Born on this day in 1934, Gangopadhyay died of heart failure in 2012, following a battle against prostate cancer. Throughout his life, his countless readers were treated to the prolific writings of a man who never really lost his youth, who always remembered exactly what it was like to be a young man on the cusp of adulthood. His inner child never lost his innocence and sense of wonder. All of which made him as popular with filmmakers - ranging from Satyajit Ray to Aparna Sen to Tapan Sinha to Srijit Mukherji - as he was with readers.

However, he was equally at home in the adult world of tragedy, grief, and loss. Sei Somoy (Those Days), the semi-fictional novel which fetched him the Sahitya Akademi Award in 1985, remains an education on 19th-century Bengal, with a plot centered cleverly on the little known personal life of renowned young author and social reformer Kaliprasanna Singha, with such legendary historical figures as Ishwar Chandra Vidyasagar, Michael Madhusudan Dutt, Dwarkanath and Debendranath Tagore, Harish Mukherjee, Keshab Chandra Sen, David Hare, and John Bethune as supporting characters.  

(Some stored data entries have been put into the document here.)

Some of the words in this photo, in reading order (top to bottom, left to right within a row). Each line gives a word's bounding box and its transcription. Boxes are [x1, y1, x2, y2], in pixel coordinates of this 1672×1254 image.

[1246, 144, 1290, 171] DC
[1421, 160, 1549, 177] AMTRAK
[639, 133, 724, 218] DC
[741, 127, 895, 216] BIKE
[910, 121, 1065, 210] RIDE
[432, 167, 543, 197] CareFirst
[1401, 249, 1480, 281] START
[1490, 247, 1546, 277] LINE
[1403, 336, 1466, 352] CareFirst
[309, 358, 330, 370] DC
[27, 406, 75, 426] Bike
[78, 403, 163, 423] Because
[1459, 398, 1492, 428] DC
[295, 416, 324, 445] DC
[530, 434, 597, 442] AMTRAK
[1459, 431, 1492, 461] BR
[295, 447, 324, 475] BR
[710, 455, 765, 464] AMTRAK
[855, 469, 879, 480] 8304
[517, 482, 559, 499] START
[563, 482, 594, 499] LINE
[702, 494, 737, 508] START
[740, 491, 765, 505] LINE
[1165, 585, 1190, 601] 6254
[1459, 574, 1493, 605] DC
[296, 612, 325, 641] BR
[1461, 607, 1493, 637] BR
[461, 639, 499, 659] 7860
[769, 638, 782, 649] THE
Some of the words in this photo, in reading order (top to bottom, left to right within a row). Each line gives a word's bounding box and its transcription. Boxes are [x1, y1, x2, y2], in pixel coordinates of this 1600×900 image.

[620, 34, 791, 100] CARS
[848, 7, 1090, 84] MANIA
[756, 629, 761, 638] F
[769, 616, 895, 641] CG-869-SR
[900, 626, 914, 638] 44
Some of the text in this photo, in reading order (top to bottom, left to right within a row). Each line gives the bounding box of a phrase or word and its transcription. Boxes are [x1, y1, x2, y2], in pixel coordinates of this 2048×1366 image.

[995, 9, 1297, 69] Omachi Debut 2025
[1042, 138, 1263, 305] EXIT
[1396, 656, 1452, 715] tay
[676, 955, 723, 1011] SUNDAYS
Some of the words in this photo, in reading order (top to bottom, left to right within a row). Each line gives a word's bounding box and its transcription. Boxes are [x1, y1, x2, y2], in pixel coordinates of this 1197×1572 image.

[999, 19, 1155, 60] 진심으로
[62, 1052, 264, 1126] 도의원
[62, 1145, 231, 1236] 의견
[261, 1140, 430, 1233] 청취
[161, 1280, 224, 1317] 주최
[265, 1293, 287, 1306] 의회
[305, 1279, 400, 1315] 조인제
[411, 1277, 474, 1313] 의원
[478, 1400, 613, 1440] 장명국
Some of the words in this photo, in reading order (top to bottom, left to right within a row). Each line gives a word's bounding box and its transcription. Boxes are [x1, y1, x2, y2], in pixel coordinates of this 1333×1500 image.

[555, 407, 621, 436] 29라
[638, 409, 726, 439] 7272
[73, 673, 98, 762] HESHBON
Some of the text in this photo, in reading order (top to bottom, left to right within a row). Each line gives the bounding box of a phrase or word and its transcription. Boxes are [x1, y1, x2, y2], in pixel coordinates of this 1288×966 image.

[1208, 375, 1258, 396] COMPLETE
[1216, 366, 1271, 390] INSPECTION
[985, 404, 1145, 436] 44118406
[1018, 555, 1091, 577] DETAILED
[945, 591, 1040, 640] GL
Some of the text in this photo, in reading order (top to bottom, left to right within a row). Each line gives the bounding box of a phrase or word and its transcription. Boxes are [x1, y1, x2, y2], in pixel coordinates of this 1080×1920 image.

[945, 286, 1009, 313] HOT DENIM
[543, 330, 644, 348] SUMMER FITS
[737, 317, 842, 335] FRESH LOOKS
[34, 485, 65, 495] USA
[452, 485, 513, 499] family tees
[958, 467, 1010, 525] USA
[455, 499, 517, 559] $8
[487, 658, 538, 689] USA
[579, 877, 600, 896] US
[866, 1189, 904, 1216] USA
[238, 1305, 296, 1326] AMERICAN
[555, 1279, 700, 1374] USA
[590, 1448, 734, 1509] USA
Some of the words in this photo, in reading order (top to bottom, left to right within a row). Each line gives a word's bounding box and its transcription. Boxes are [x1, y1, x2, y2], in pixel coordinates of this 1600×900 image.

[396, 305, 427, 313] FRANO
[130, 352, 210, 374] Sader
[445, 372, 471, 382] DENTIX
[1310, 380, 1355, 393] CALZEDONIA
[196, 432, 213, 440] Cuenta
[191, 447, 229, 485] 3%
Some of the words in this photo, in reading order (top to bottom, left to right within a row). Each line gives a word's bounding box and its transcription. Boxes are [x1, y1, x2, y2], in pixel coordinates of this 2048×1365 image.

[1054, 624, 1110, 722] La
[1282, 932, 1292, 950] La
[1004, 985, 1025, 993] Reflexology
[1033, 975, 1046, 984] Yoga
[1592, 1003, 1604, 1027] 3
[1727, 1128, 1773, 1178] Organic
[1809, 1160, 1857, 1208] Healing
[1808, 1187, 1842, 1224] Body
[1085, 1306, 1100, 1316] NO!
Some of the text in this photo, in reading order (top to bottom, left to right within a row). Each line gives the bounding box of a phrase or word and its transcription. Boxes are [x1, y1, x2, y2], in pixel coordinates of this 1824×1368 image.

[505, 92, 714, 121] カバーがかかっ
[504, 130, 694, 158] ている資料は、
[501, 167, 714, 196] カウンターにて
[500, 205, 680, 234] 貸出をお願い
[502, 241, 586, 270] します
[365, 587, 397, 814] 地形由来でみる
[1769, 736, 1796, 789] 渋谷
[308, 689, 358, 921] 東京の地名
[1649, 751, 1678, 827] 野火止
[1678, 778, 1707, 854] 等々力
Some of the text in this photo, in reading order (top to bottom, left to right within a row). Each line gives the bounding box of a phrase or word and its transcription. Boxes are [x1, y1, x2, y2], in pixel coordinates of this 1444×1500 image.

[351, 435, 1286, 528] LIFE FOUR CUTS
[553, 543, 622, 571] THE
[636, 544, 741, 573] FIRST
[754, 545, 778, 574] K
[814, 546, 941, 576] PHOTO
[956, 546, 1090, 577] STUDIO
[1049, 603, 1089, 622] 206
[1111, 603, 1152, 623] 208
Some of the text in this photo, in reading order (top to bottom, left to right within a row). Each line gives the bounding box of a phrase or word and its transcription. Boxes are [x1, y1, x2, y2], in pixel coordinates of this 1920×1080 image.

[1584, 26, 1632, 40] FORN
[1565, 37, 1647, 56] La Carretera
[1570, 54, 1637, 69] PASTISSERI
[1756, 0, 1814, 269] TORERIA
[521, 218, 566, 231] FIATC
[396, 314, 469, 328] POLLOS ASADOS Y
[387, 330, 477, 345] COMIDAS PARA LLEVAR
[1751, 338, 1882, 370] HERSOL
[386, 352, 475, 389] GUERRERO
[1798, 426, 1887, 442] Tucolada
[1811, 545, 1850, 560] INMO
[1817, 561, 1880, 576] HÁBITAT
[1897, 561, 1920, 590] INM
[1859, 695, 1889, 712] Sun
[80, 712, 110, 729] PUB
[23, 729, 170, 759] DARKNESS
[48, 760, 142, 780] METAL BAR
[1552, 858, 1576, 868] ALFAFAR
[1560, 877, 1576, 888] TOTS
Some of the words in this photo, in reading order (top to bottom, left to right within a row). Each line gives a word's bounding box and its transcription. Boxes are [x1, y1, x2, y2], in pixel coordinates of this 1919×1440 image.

One more such masterpiece is Purba Paschim, till date one of the few popular works of Bengali literature to have delved deep into the unimaginable upheavals caused by the Partition of Bengal in 1947. The novel remains a living document of the socio-economic and political changes on both sides of the Radcliffe Line from Partition until the 1980s. “At the same time, many central characters, no particular one in this novel can be identified as the protagonist. Some of these characters in the novel had left Bengal and moved to Europe and America. So not only of East and West Bengal but also the larger background of Bengali diaspora of the Eastern and Western hemisphere is included in this novel,” observes Taskia Haq Lyric, a lecturer at the Department of History, University of Dhaka, in a 2020 paper written for the Asiatic Society of Bangladesh. 

Yet another example of Gangopadhyay’s unconventional thinking was perhaps his most popular creation - Kakababu or Raja Roy Chowdhury, the one-legged, middle-aged detective with a will of iron and the mind of a genius. Accompanied by his nephew Santu and later on, Santu’s friend Jojo, Kakababu exemplifies the adventurous, travel-loving, inquisitive Bengali spirit as he strides the world like a Colossus, his cases taking him from the Himalayas to the Andamans to Egypt to Afghanistan. In addition, and perhaps unlike the average Bengali, he excels in fencing, shooting, and swimming. This combination of relatability and wish-fulfilment has placed Kakababu at par with Byomkesh Bakshi and Feluda in the pantheon of Bengali detectives, with his disability giving him an unconventional edge.

Filmmaker Goutam Ghose, whose film Moner Manush was based on a novel by Gangopadhyay, once said, “Sunil Gangopadhyay carried the modern consciousness of Bengal.” No truer description of him exists.